Dubai, by contrast, is freewheeling. Expatriates make up 80% of the population and are allowed to own property; thousands of new luxury apartments are being built for the world’s wealthy and the Atlantis hotel and resort is rising on the artificial Palm Island.
Smith, who heads up the NORR Group Consultants International offices in Dubai and Abu Dhabi, says Western developers and investors should remember that the differences in the two cities are more than cultural: “Business contacts, rules and regulations are bit different, too,” he explains. Smith’s firm is working on billions of dollars worth of construction projects, notably the Burj Arab in Dubai, billed as the world’s tallest building.

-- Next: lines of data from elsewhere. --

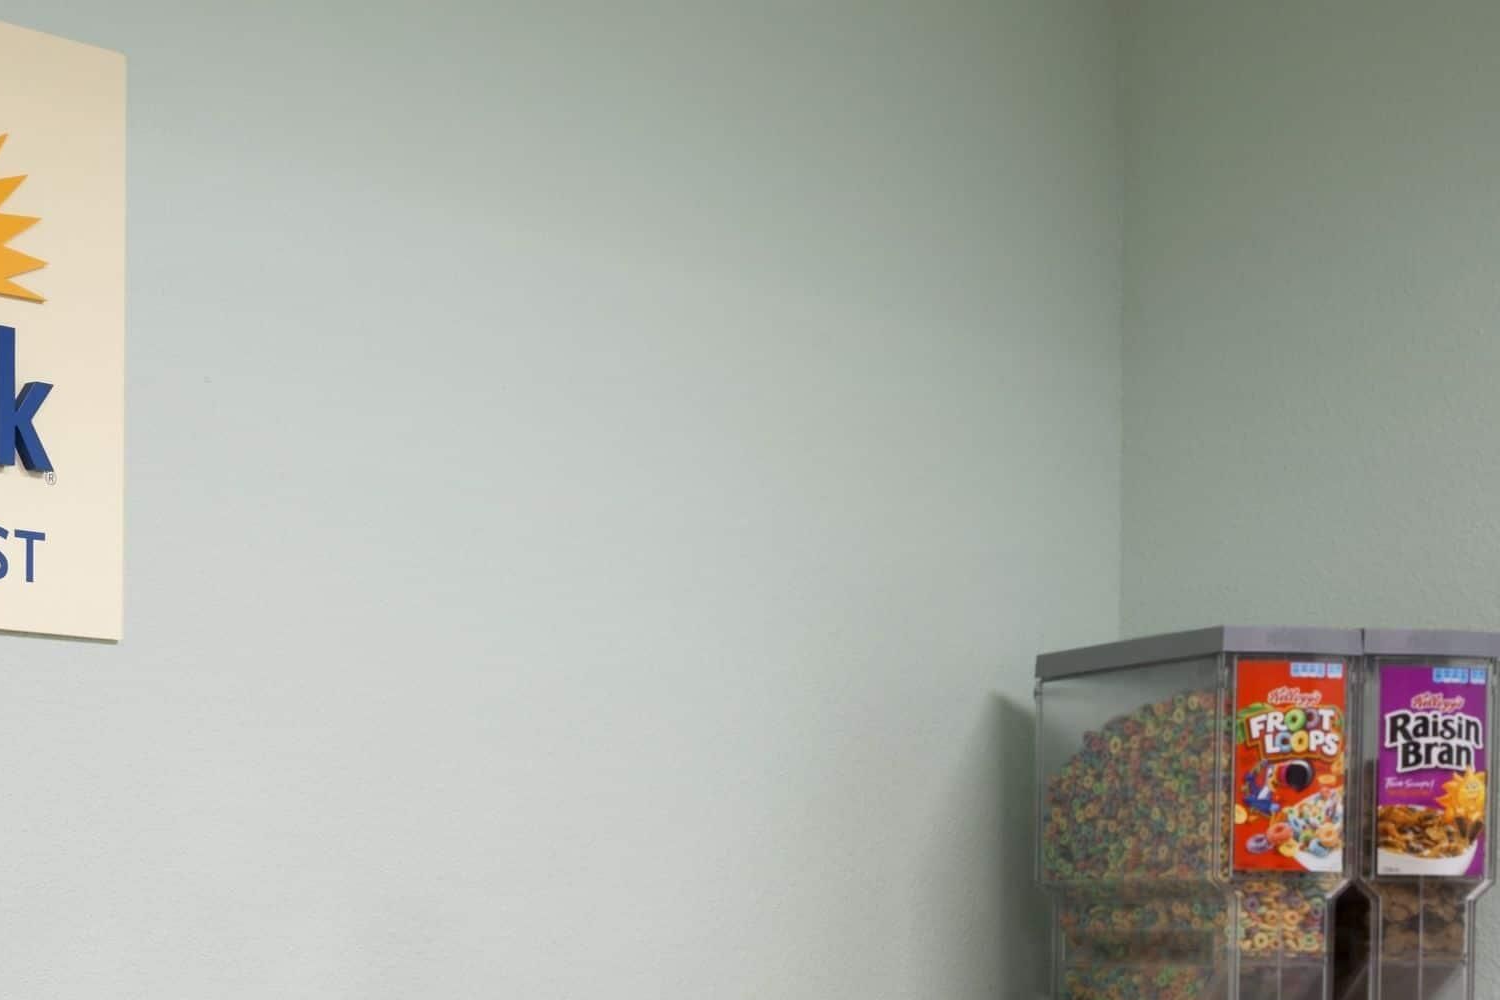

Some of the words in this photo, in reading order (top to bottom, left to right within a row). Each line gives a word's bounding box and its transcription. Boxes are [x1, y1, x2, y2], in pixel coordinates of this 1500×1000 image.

[1249, 708, 1336, 739] FROOT
[1387, 711, 1481, 747] Raisin
[1264, 730, 1340, 756] LOOPS
[1401, 740, 1472, 770] Bran
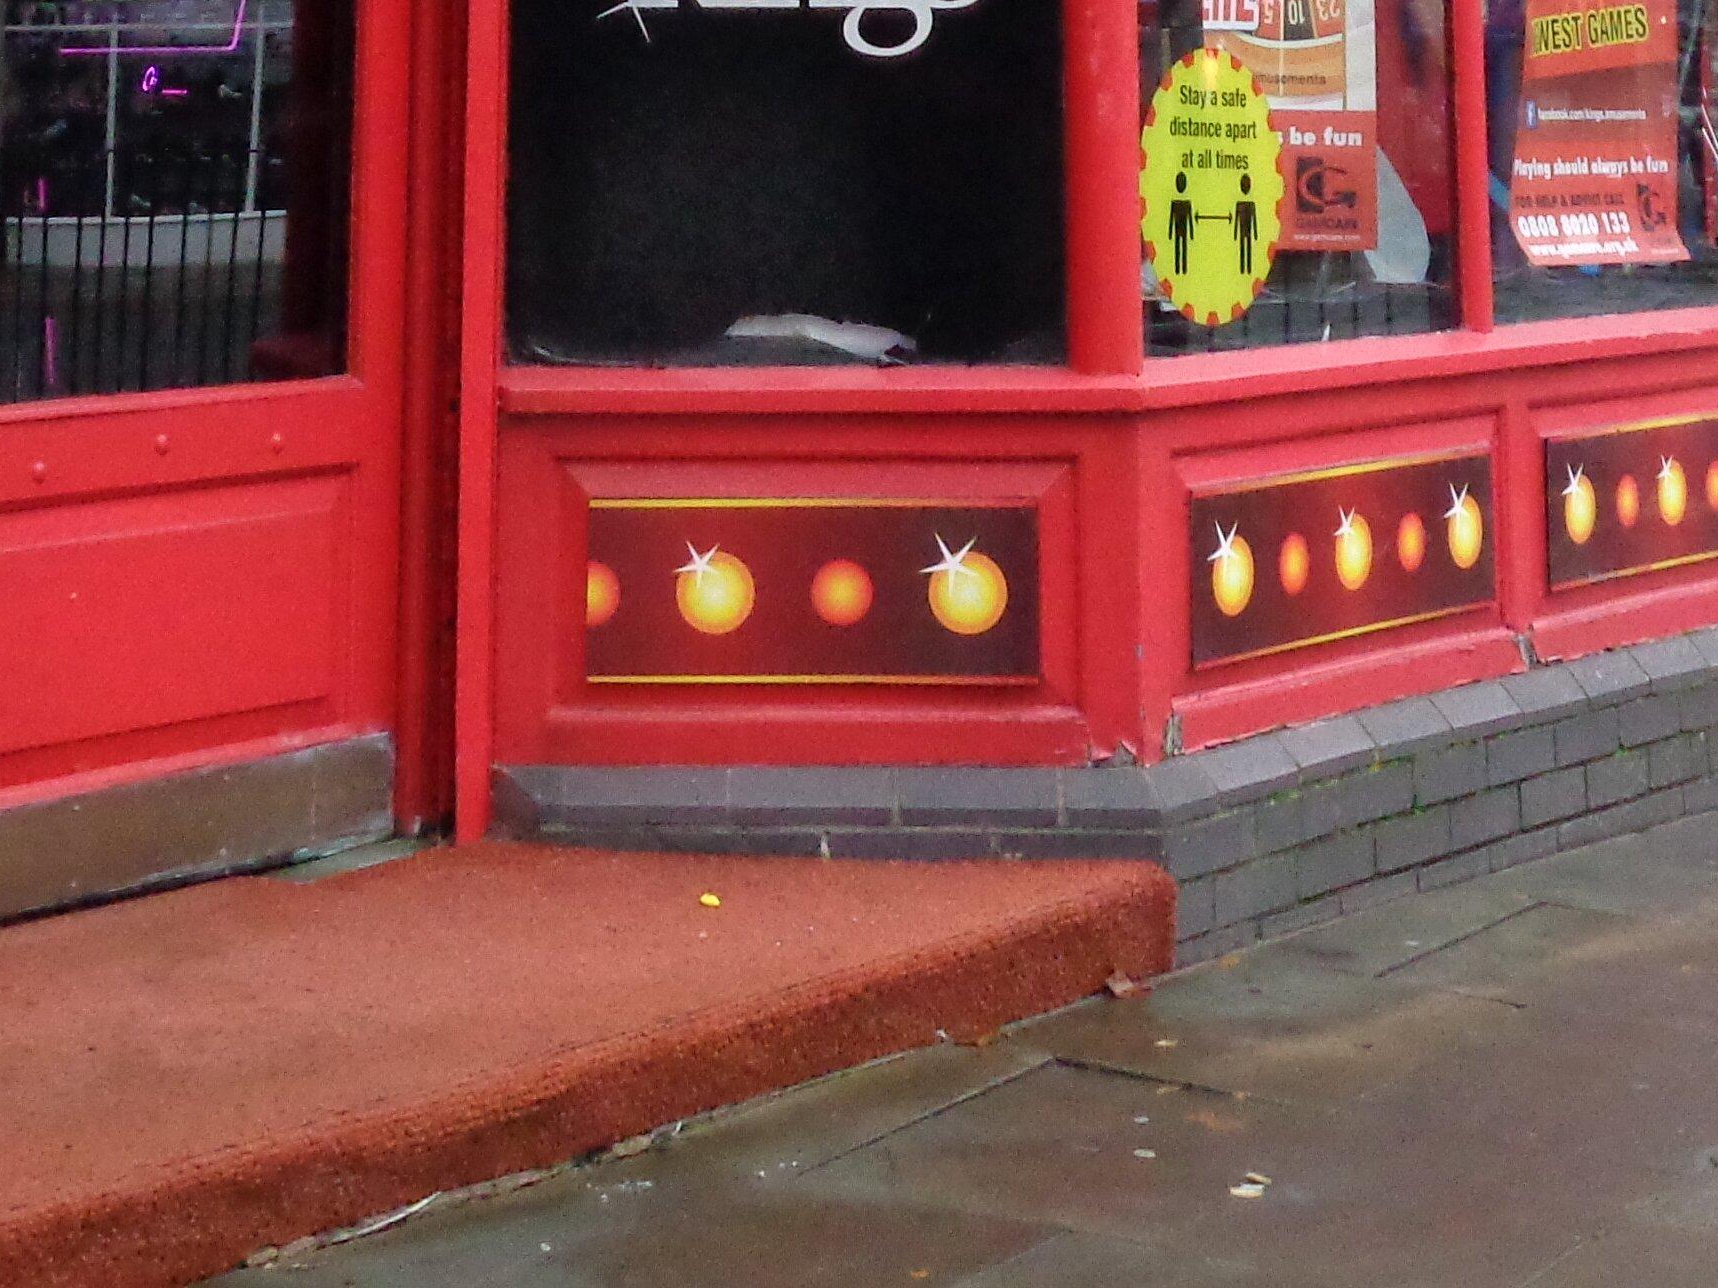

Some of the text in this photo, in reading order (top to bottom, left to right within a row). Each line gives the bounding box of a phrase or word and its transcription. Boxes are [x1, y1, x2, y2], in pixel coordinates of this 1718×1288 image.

[1587, 6, 1647, 45] GAMES
[1179, 84, 1207, 109] Stay
[1221, 88, 1247, 108] safe
[1169, 116, 1222, 138] distance
[1225, 121, 1257, 143] apart
[1289, 126, 1317, 146] be
[1323, 126, 1363, 146] fun
[1181, 149, 1249, 170] at all times
[1553, 155, 1589, 175] should
[1591, 156, 1628, 179] always
[1630, 155, 1644, 174] be
[1646, 155, 1669, 173] fun
[1517, 211, 1631, 238] 0808 8020 133

There are no record-setting towers in Abu Dhabi and the new architecture had been a bit less startling than in Dubai—at least until the new cultural projects were unveiled. But there is an impressive array of building including high-rise offices and condo buildings downtown and along its waterfront, and huge shopping centers. The Etilsat communications company’s distinctive tower, topped by a huge globe, is one of the new landmarks, along with the towers occupied by Abu Dhabi National Oil Company (ADNOC) and Abu Dhabi Investment Authority towers. The $3 billion Emirates Palace Hotel, which opened in late 2005 and is managed by the Kempinski Group, boasts a ballroom that can accommodate 2,800, the capital’s answer to Dubai’s Burj Arab Hotel, which has become a symbol of the city’s new luxury status.

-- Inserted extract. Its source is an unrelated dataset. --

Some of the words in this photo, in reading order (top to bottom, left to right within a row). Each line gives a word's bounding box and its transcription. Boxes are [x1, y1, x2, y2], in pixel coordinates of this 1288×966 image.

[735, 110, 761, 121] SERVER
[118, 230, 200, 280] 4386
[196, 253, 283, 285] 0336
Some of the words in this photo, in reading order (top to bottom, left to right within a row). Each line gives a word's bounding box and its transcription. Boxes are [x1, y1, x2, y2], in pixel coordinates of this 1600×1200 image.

Even as Abu Dhabi loads up on new projects, some regional market watchers are warning that construction may be getting a bit ahead of demand—in both cities. Some residential market trackers have expressed concern that the residential markets in Dubai and Abu Dhabi are heading for a glut, with speculators pulling back from an overdeveloped market.
The U.A.E. newspaper Khaleej Times in January cited concerns by several international banks and brokers about potential imbalances. It quoted a report from Shuaa Capital, which noted: “We expect a minimum of 125,000 units to hit the Dubai market alone between 2007 and 2009, of which the majority is due in 2007 and 2008. By 2009, we estimate there will be a total of 77,000 units targeting high-income occupants, while the projected total demand for these units is just 36,100 for the same year.”

Still, the report added, the supply of residential, commercial, hospitality and retail properties in both emirates “has not yet been able to fulfill the growing demand." Residential sales are still red hot; some 1,400 apartment units available at Al Raha Gardens in Abu Dhabi sold out within 48 hours last year.
Even as they build up their domestic real estate portfolios, however, investors from the Emirates are expanding globally: These countries want to be long-term players in global finance and their ambitions can be seen in a series of recent deals, says Pádraig Brown, associate director, Global Strategy & Research, International Capital Group, Jones Lang LaSalle in London.
The U.A.E., together with investors in neighboring Arabian Gulf countries are investing more than $10 billion a year in commercial real estate markets in Europe, North America and Asia Pacific, Brown estimates. That is double the level of overseas real estate investment that they made in 2004. Britain continues to be the favorite of Gulf investors. According to Jones Lang LaSalle, these investors plowed $6 billion into UK properties in 2005, including the purchase of office properties by the Abu Dhabi royal family.

Gulf investors’ real estate acquisitions in the U.S. jumped to $4 billion last year, up from $2.4 billion in 2005. Purchases included the $1.2 billion deal for 380 Park Ave. by Istithmar, the investment arm of the Dubai government. The price for the former Boston Properties asset set a record for a Manhattan office property.